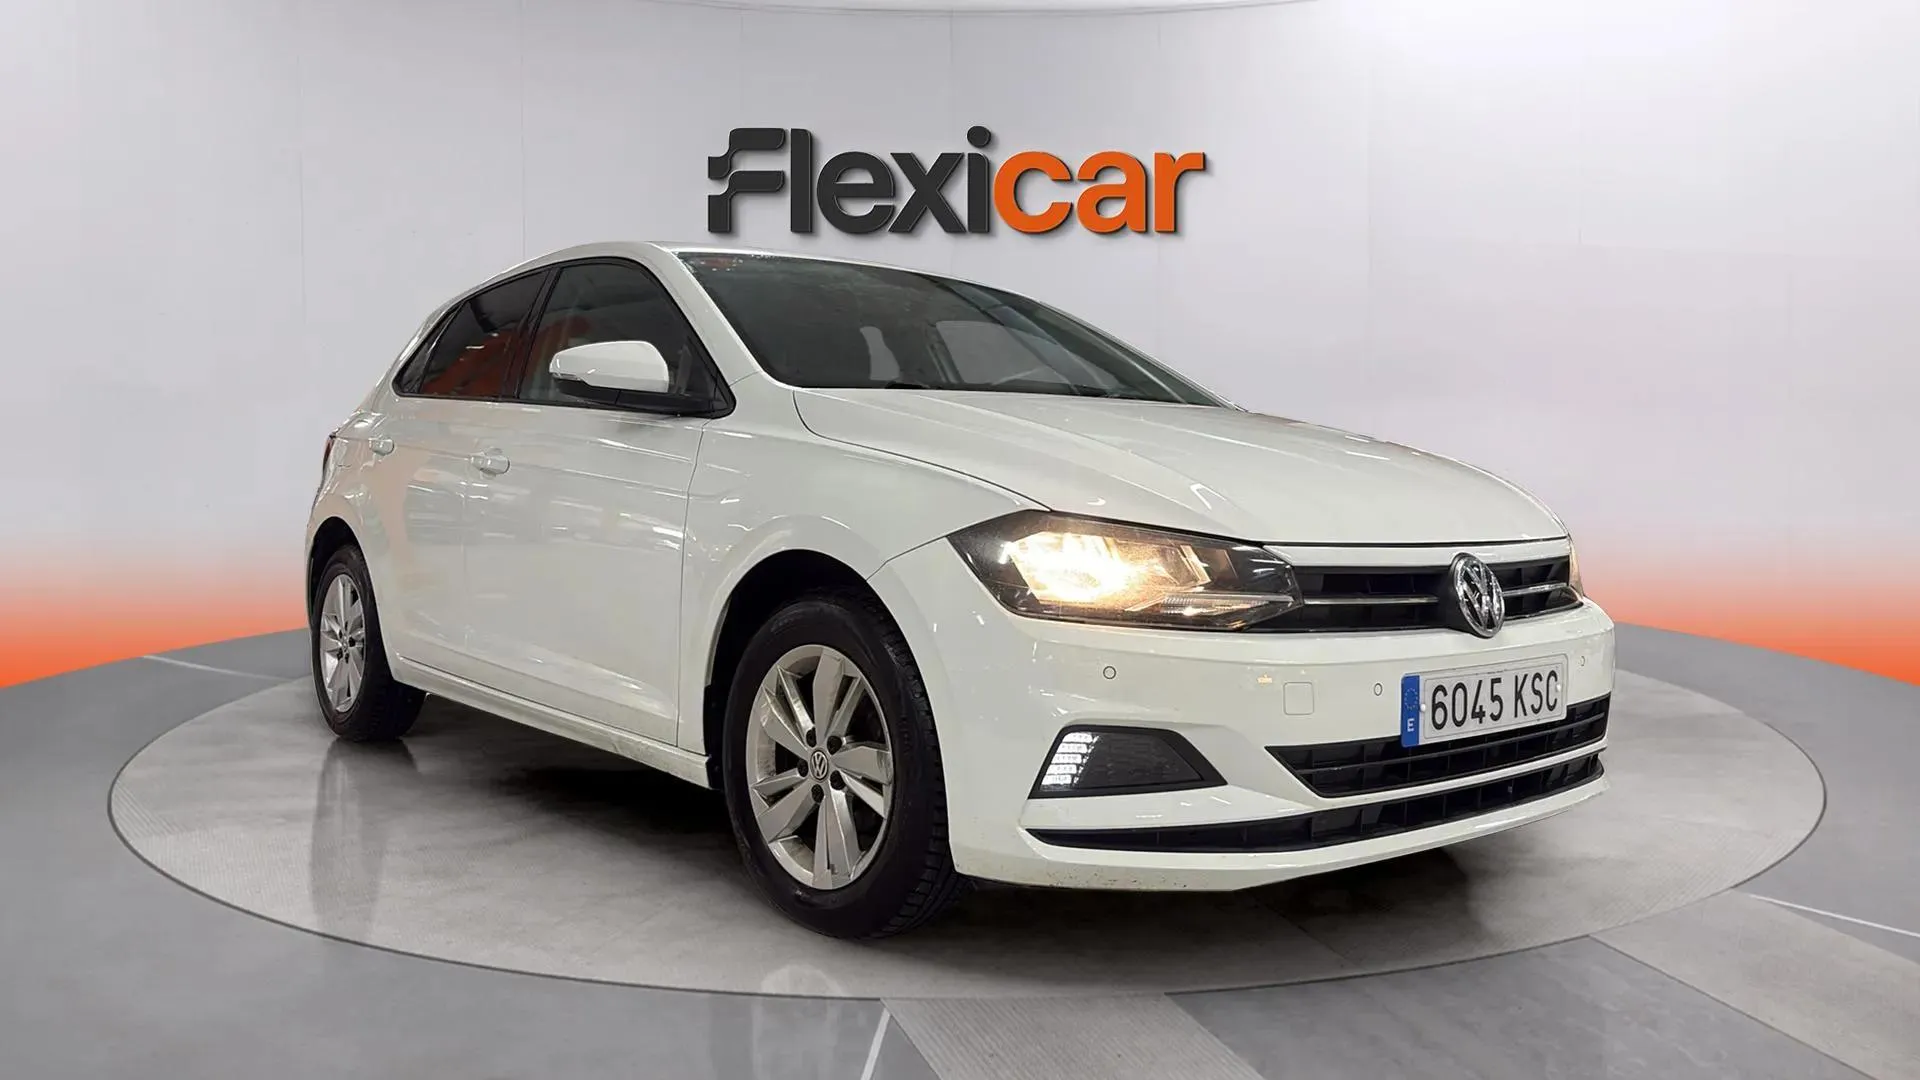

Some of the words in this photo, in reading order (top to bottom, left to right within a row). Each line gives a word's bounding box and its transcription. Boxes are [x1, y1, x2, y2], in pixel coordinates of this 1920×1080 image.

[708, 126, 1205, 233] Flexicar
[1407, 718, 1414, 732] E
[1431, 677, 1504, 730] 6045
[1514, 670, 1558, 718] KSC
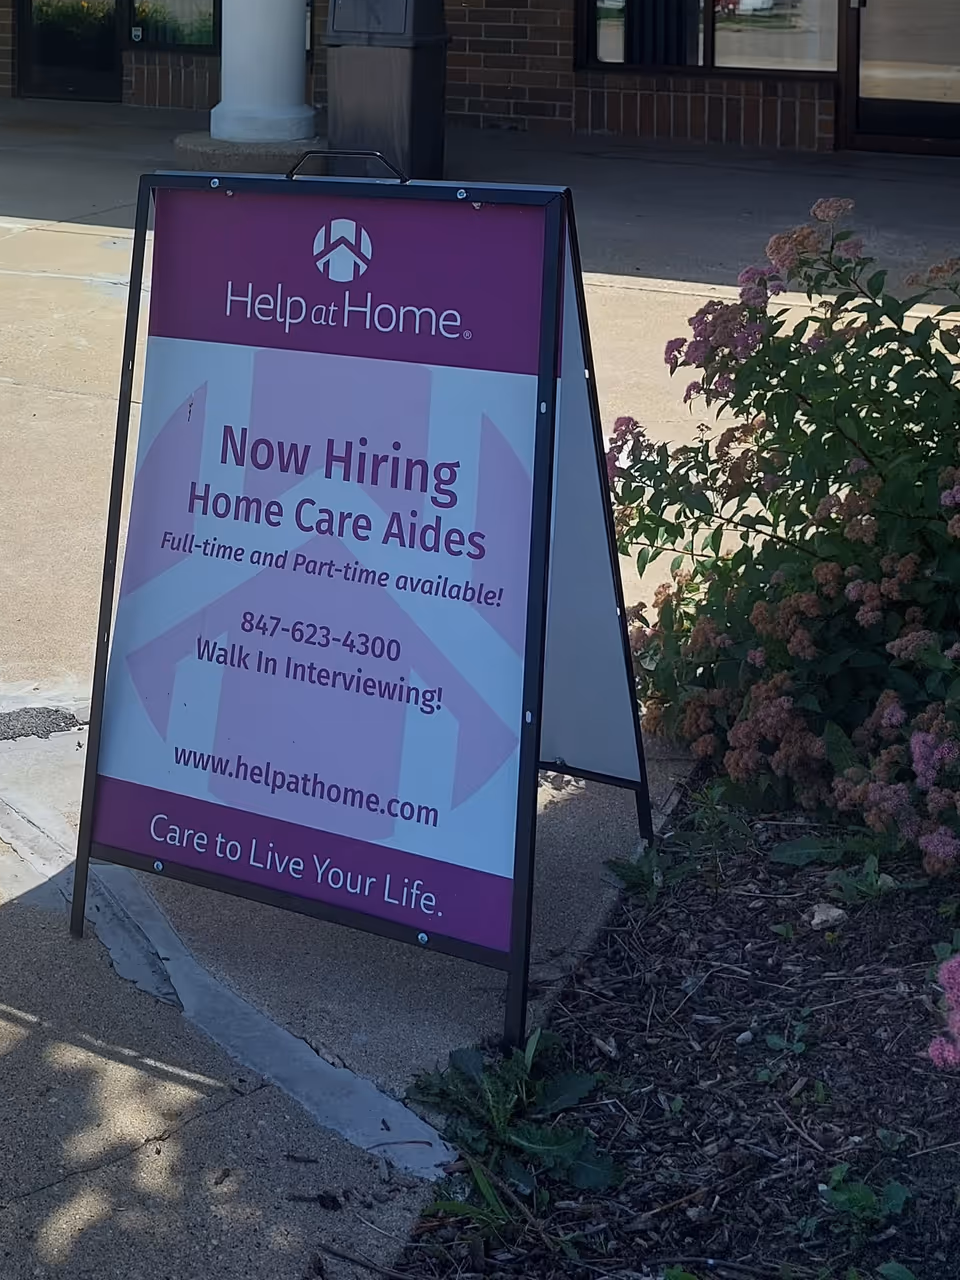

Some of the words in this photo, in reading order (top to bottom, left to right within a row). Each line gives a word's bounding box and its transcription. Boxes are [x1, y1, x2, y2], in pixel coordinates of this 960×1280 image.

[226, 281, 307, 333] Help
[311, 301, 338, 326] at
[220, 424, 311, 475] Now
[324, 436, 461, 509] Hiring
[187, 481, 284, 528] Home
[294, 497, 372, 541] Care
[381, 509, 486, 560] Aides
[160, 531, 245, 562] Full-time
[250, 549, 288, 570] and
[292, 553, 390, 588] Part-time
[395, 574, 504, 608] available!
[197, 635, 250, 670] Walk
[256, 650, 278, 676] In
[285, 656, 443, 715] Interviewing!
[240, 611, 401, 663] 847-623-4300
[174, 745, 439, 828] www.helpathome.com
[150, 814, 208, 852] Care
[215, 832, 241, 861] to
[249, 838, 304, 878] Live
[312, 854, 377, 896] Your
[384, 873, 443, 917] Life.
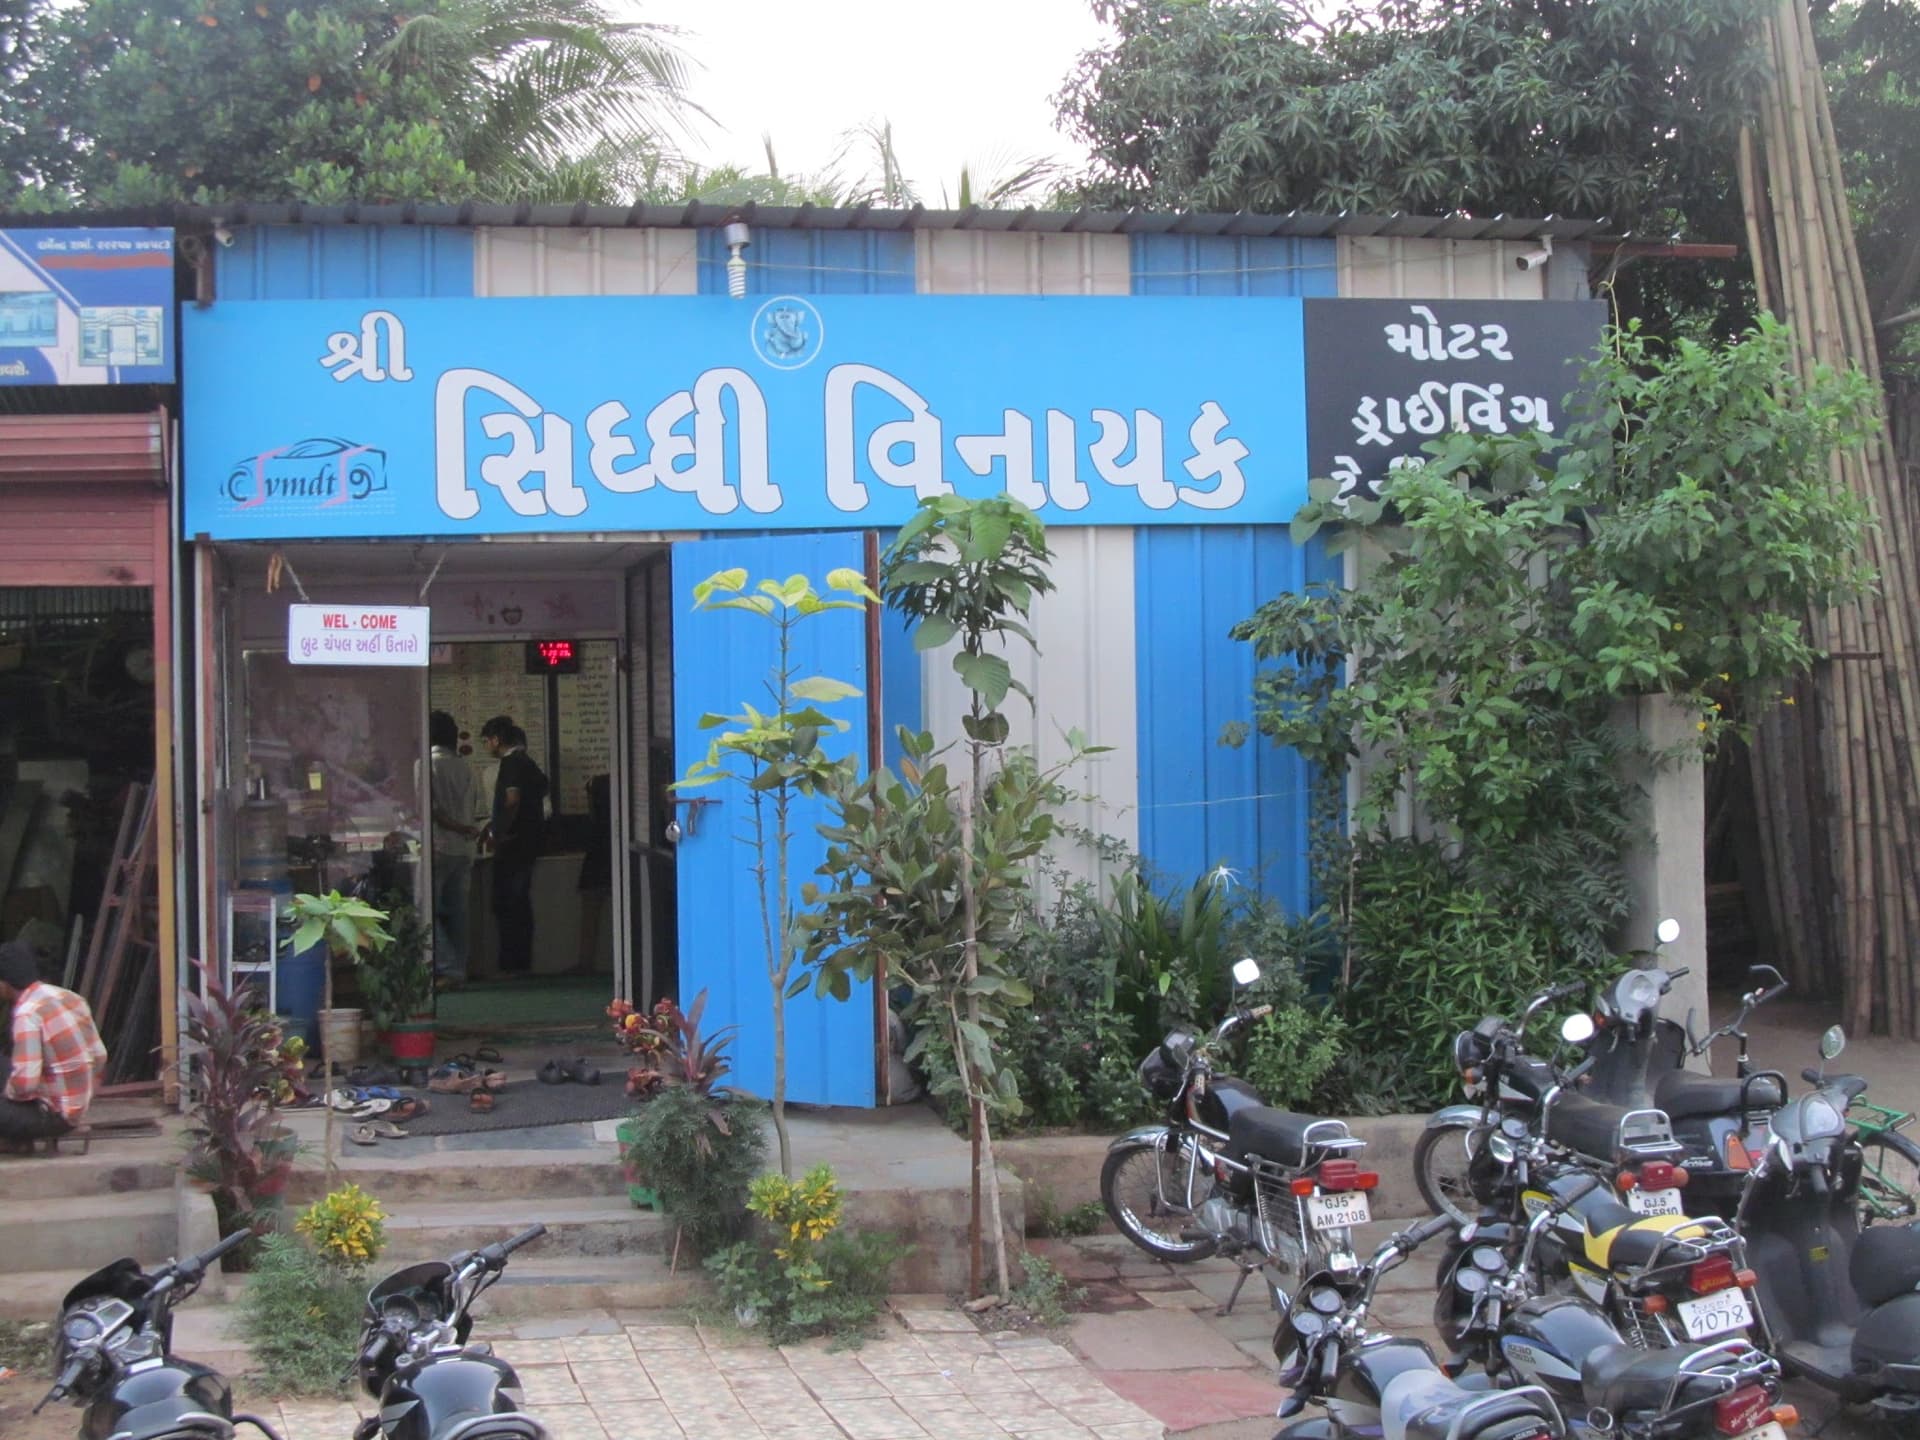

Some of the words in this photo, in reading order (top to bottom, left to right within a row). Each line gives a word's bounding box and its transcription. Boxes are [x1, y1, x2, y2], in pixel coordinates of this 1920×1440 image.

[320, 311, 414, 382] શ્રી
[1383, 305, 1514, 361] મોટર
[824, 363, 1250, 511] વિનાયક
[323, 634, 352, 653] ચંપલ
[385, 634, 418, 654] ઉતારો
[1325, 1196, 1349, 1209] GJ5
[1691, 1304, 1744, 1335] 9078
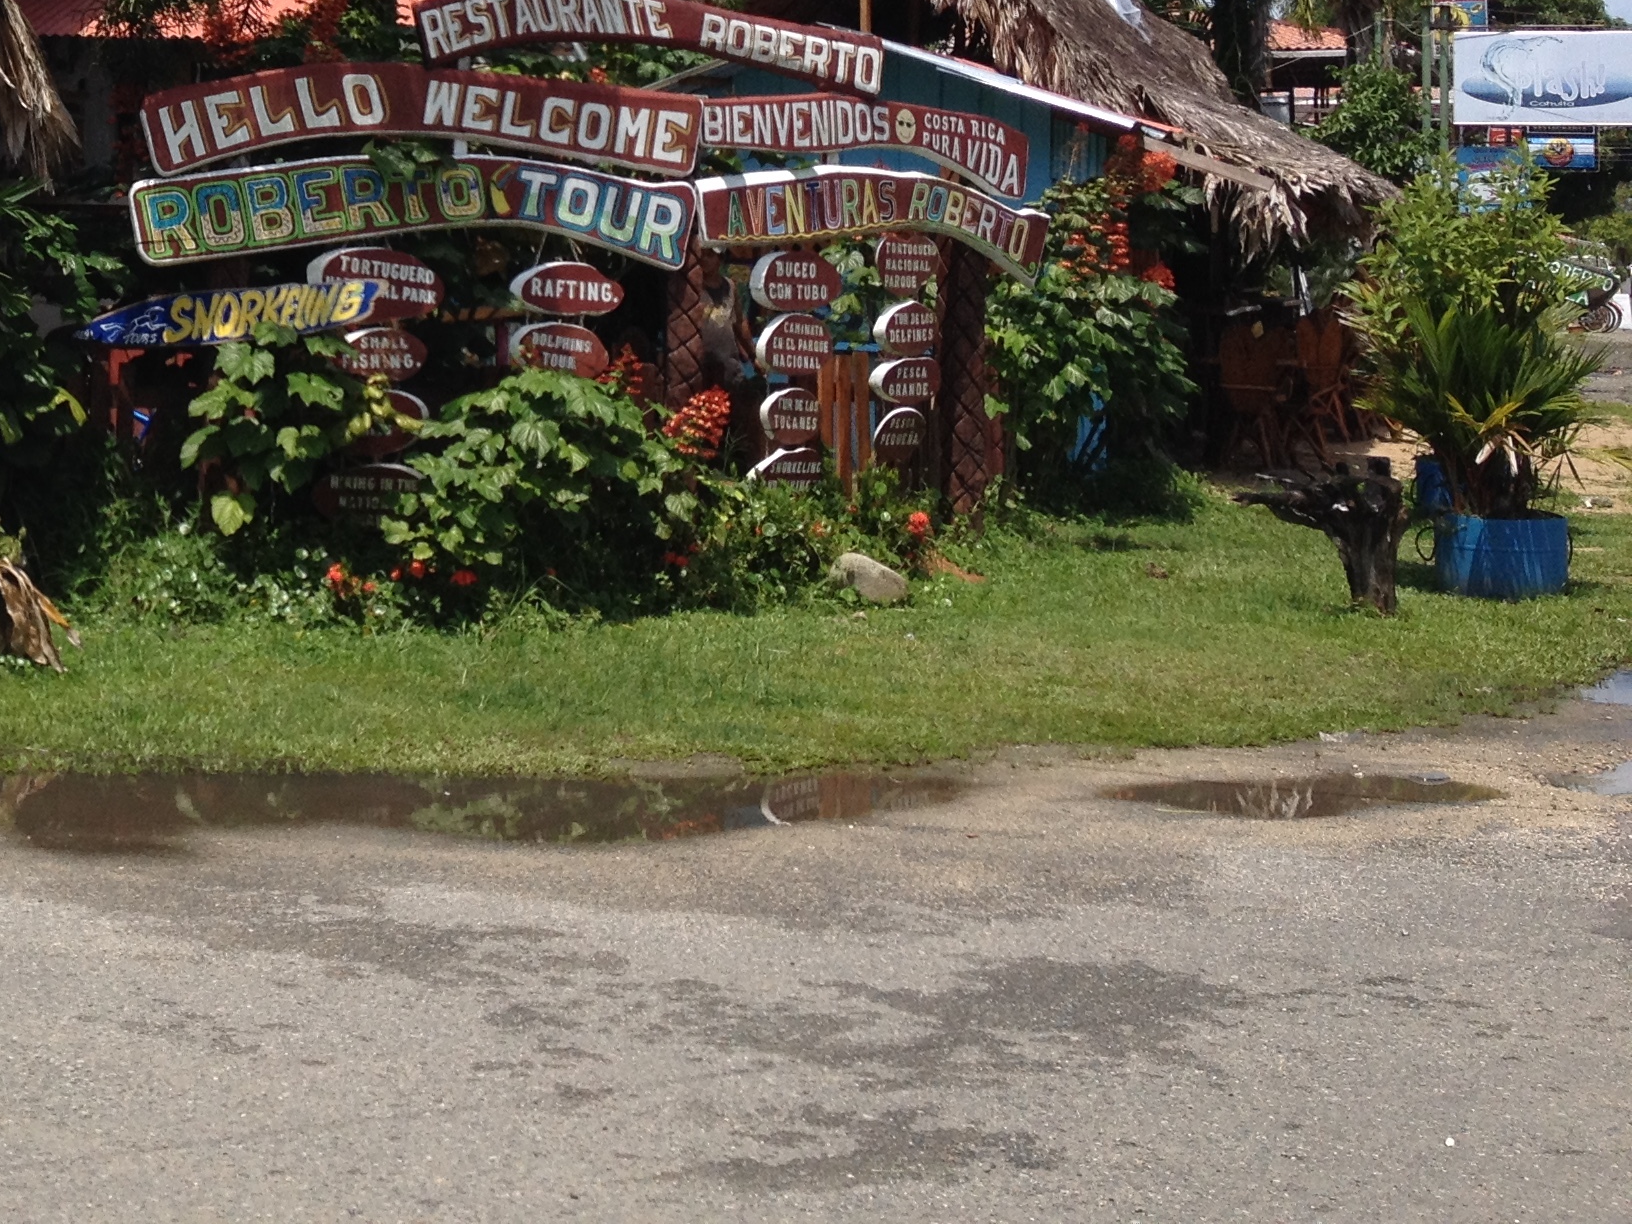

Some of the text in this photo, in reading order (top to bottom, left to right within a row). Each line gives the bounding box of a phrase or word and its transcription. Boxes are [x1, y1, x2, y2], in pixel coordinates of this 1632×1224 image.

__Work required__
Give the material above again exactly as it stands, minus any images.

__Answer section__
Some of the words in this photo, in reading order (top to bottom, left to right within a row). Each line gives a word's bounding box and its transcription. Boxes are [x1, y1, x2, y2], in pixel coordinates of this 1920×1080 image.

[708, 126, 1205, 233] Flexicar
[1407, 718, 1414, 732] E
[1431, 677, 1504, 730] 6045
[1514, 670, 1558, 718] KSC

Some of the words in this photo, in reading order (top to bottom, left to right within a row). Each line gives a word's bounding box and its transcription. Boxes are [x1, y1, x2, y2], in pixel coordinates of this 960×1280 image.

[226, 281, 307, 333] Help
[311, 301, 338, 326] at
[220, 424, 311, 475] Now
[324, 436, 461, 509] Hiring
[187, 481, 284, 528] Home
[294, 497, 372, 541] Care
[381, 509, 486, 560] Aides
[160, 531, 245, 562] Full-time
[250, 549, 288, 570] and
[292, 553, 390, 588] Part-time
[395, 574, 504, 608] available!
[197, 635, 250, 670] Walk
[256, 650, 278, 676] In
[285, 656, 443, 715] Interviewing!
[240, 611, 401, 663] 847-623-4300
[174, 745, 439, 828] www.helpathome.com
[150, 814, 208, 852] Care
[215, 832, 241, 861] to
[249, 838, 304, 878] Live
[312, 854, 377, 896] Your
[384, 873, 443, 917] Life.

Some of the words in this photo, in reading order (top to bottom, left to right within a row). Each line gives a word's bounding box and its transcription. Boxes are [x1, y1, x2, y2], in pixel coordinates of this 1920×1440 image.

[320, 311, 414, 382] શ્રી
[1383, 305, 1514, 361] મોટર
[824, 363, 1250, 511] વિનાયક
[323, 634, 352, 653] ચંપલ
[385, 634, 418, 654] ઉતારો
[1325, 1196, 1349, 1209] GJ5
[1691, 1304, 1744, 1335] 9078

Some of the text in this photo, in reading order (top to bottom, left to right within a row). Each line gives the bounding box of a phrase or word and its transcription. Boxes are [x1, y1, x2, y2], in pixel coordinates of this 1632×1224 image.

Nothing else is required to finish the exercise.